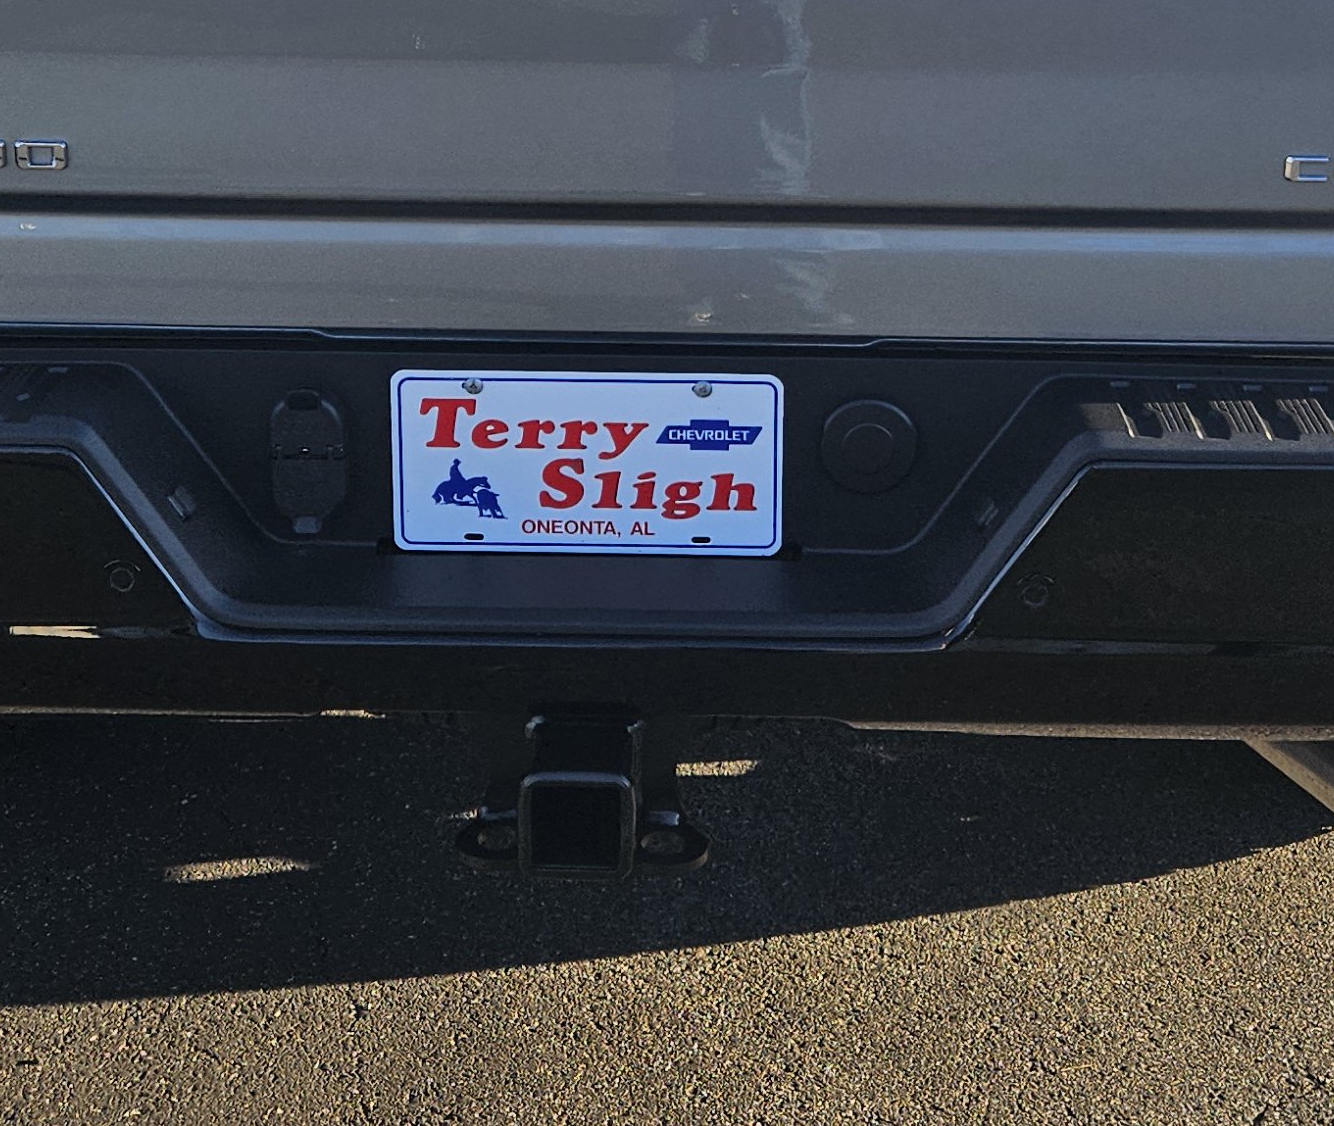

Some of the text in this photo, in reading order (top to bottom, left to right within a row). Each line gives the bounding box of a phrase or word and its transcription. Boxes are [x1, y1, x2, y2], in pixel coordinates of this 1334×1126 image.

[419, 397, 650, 460] Terry
[667, 428, 750, 443] CHEVROLET
[538, 457, 759, 521] Sligh
[521, 519, 656, 538] ONEONTA, AL
• • • • •
Print the material in full and exactly; the pictures must not be printed.

* Output for this task
Some of the text in this photo, in reading order (top to bottom, left to right within a row). Each line gives the bounding box of a phrase or word and its transcription. Boxes are [x1, y1, x2, y2], in pixel coordinates of this 1334×1126 image.

[419, 397, 650, 460] Terry
[667, 428, 750, 443] CHEVROLET
[538, 457, 759, 521] Sligh
[521, 519, 656, 538] ONEONTA, AL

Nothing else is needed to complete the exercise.